>>>>>

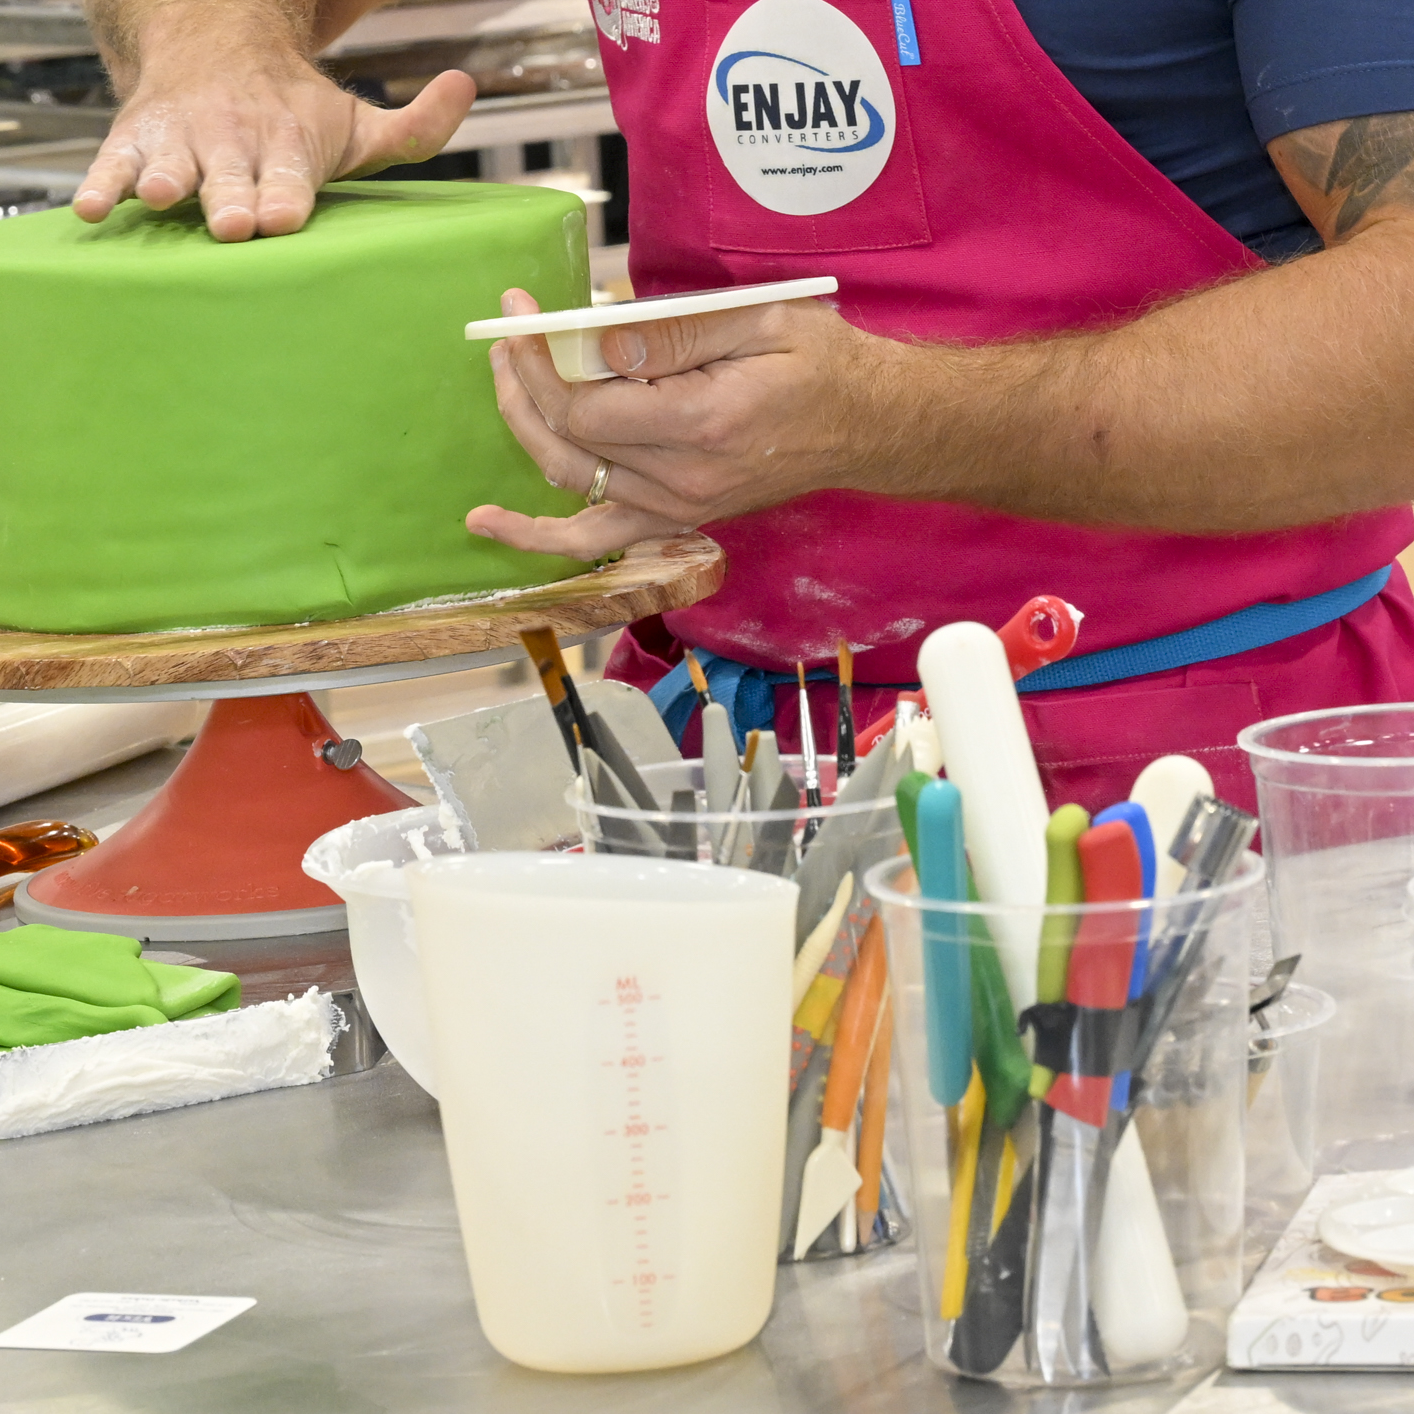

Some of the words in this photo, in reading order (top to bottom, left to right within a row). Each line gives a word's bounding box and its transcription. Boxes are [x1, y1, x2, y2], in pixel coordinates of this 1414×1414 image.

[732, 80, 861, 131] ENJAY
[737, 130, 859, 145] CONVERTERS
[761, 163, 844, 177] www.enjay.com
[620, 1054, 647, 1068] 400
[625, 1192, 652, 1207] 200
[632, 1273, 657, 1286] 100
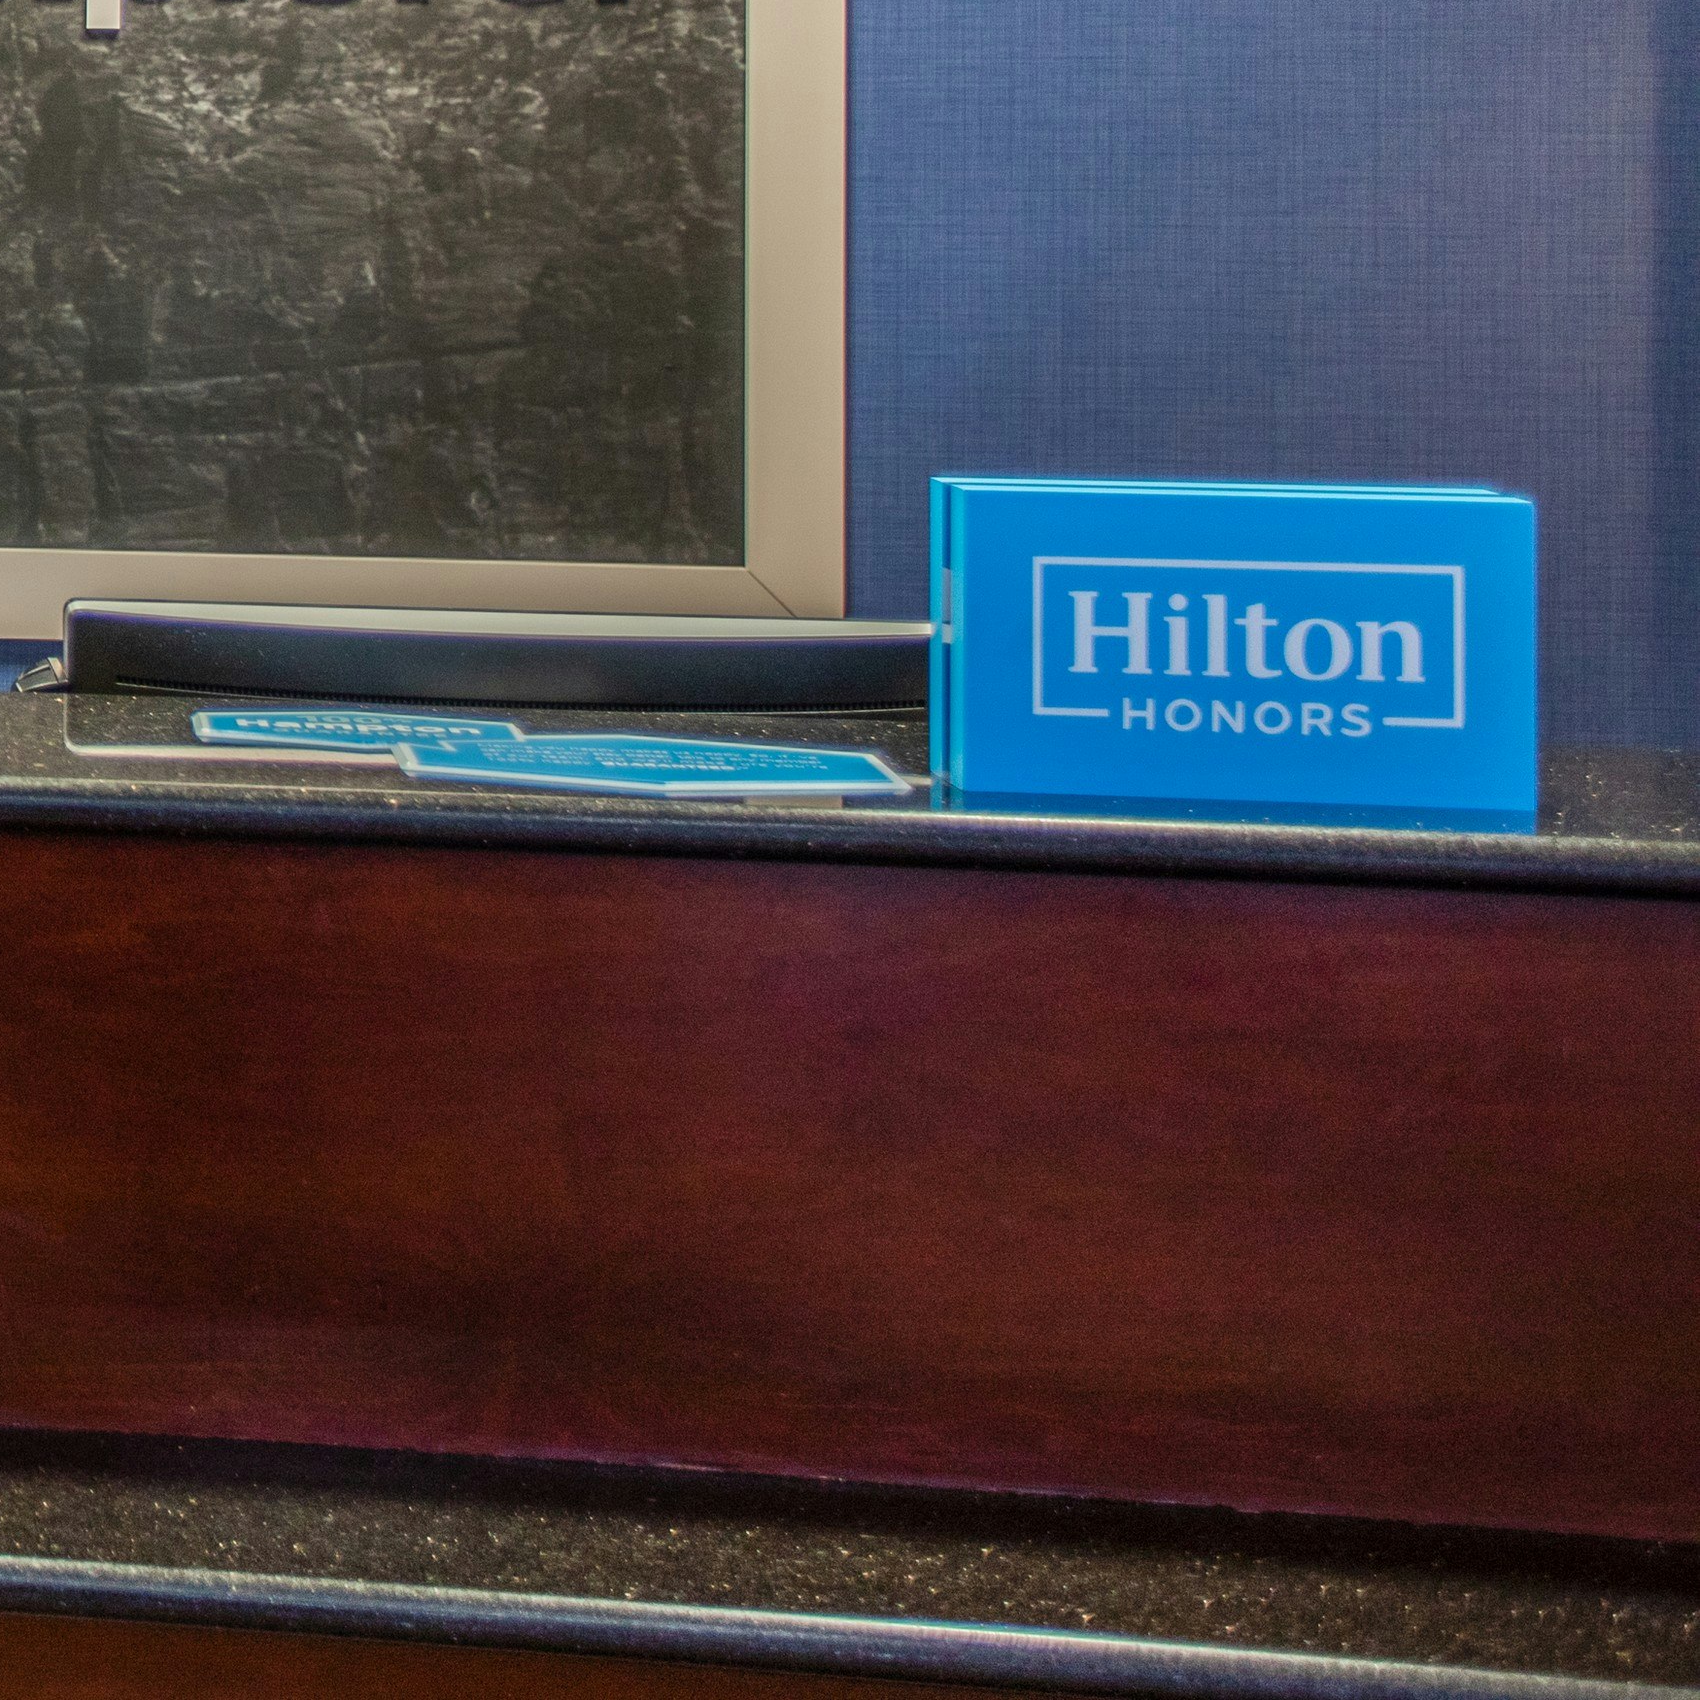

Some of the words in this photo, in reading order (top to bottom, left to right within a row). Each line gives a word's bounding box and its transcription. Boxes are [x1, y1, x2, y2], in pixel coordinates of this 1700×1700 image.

<<<<<

Task: The output should consist of the records above, reproduced exactly, without pictures.

Solution for this exercise:
Some of the words in this photo, in reading order (top to bottom, left to right within a row). Each line gives a word's bounding box and its transcription. Boxes are [x1, y1, x2, y2], in pixel coordinates of this 1414×1414 image.

[732, 80, 861, 131] ENJAY
[737, 130, 859, 145] CONVERTERS
[761, 163, 844, 177] www.enjay.com
[620, 1054, 647, 1068] 400
[625, 1192, 652, 1207] 200
[632, 1273, 657, 1286] 100

Some of the words in this photo, in reading order (top to bottom, left to right within a row). Each line gives a word's bounding box and its transcription. Boxes are [x1, y1, x2, y2], in pixel coordinates of this 1700×1700 image.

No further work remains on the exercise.